Not until he had failed three times as a lecturer and had passed his forty-fifth year, did that most renowned of all American humorists, Josh Billings, achieve fame. Many of Edwin Booth's first efforts on the stage were flat failures. The early poetic aspirations of James Russell Lowell were crushed by the merciless criticism of Margaret Fuller. The first years of Washington's career as commander-in-chief of the Continental army were conspicuous for his defeats. Not until his masterly strategic move on Trenton did his achievements begin to augur hope of success.

General Grant retired from the army after the Mexican War, and failed in every business pursuit in which he engaged. But for the great Civil War he might have died in obscurity, and the world never have known of the superhuman capabilities as a commander of armies that were stowed away in his brain. And right here come to mind the beautiful, suggestive lines of Thomas Gray:

"Full many a gem of purest ray serene The dark, unfathomed caves of ocean bear; Full many a flower is born to blush unseen, And waste its sweetness on the desert air."

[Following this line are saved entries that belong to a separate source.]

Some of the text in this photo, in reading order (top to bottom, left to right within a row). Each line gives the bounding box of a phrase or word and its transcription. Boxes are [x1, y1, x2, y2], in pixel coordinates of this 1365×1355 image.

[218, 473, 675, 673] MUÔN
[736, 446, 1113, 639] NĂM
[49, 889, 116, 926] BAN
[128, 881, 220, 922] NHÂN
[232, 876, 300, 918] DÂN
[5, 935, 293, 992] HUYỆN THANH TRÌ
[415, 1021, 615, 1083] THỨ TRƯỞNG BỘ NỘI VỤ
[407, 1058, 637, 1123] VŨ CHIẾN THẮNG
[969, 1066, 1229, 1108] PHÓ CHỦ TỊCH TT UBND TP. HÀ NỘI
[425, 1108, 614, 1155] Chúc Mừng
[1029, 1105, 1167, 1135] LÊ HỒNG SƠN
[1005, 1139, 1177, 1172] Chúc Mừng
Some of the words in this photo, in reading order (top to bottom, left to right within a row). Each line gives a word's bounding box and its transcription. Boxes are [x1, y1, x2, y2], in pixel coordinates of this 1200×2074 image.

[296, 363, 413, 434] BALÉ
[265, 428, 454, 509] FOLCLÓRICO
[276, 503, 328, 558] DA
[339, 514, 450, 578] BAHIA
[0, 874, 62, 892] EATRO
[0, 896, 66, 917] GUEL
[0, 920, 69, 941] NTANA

But to all these great souls, with many others that might be named, failure was only discipline. They held themselves together; they kept their courage and their common sense well in hand; they continued to do the best they could each day. Then, when the opportunity came, with their powers thoroughly disciplined by the experiences and failures through which they had passed, they took hold and achieved greatness by doing great things.

So it is not so much the genius to do brilliant things at the first effort, but the genius to keep on trying to do something that wins in the race of life. Professor Hutton, of the School of Mines in Columbia University, rates the students who learn slowly and with much effort much higher than he does the "smart boys" who master their lessons with but little struggle. And why? Because the slow students are workers and stick to their work. They are early schooled in the important exercise of surmounting difficulties by much honest effort.

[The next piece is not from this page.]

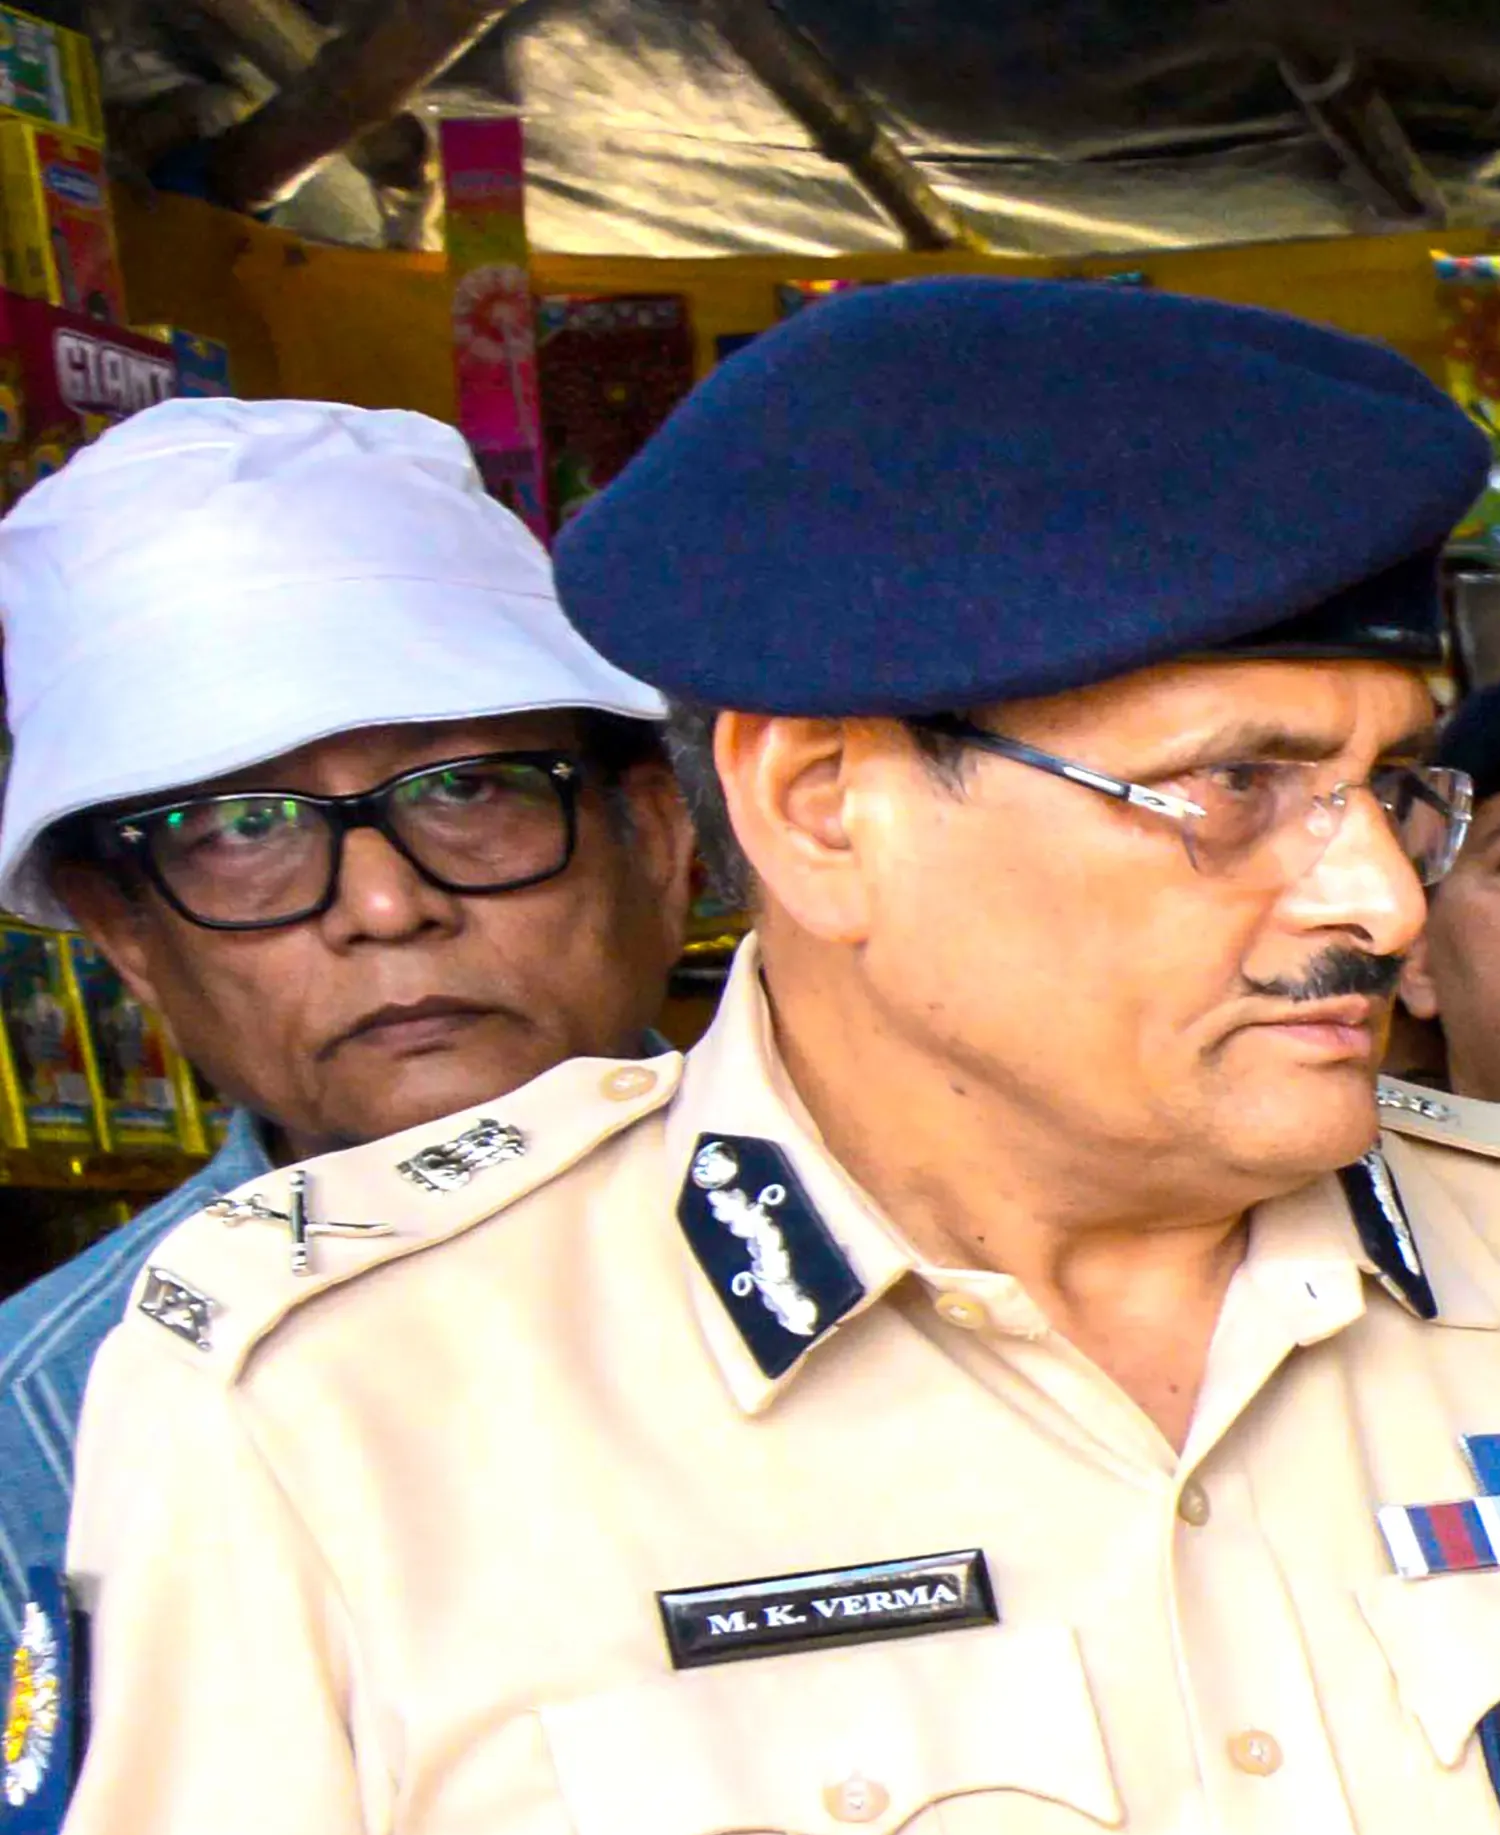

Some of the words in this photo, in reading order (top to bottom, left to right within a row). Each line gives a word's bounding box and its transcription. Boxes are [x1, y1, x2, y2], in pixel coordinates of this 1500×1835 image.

It is given out as a fact that of all the West Point students who graduated at the head of their respective classes prior to the Civil War Robert E. Lee was the only one who became a great general. Grant, Sherman, Sheridan and others who achieved renown in that war as commanders ranked quite low down. This is stated not to discourage the students who take first honors, nor to dissuade students from striving for such honors, but to encourage the great mass of boys and girls who master the lessons of the books slowly and with difficulty. The extra effort required to make amends for lack of aptness is often the very thing needed to develop a genius for honest, thorough work; and after all, that is the genius that wins in the long race of life.

The admonition of Park Benjamin fits in right here:

"Press on! there's no such word as fail; Press nobly on! the goal is near -- Ascend the mountain! breast the gale! Look upward, onward -- never fear! Why shouldst thou faint? Heaven smiles above, Though storm and vapor intervene; The sun shines on, whose name is Love, Serenely o'er life's shadow'd scene.

"Press on! If Fortune play thee false Today, tomorrow she'll be true; Whom now she sinks she now exalts, Taking old gifts and granting new. The wisdom of the present hour Makes up for follies past and gone; To weakness strength succeeds, and power From frailty springs-press on! press on!"

-- J. W. C.

By J. Wilbur Chapan, "Present Day Parables."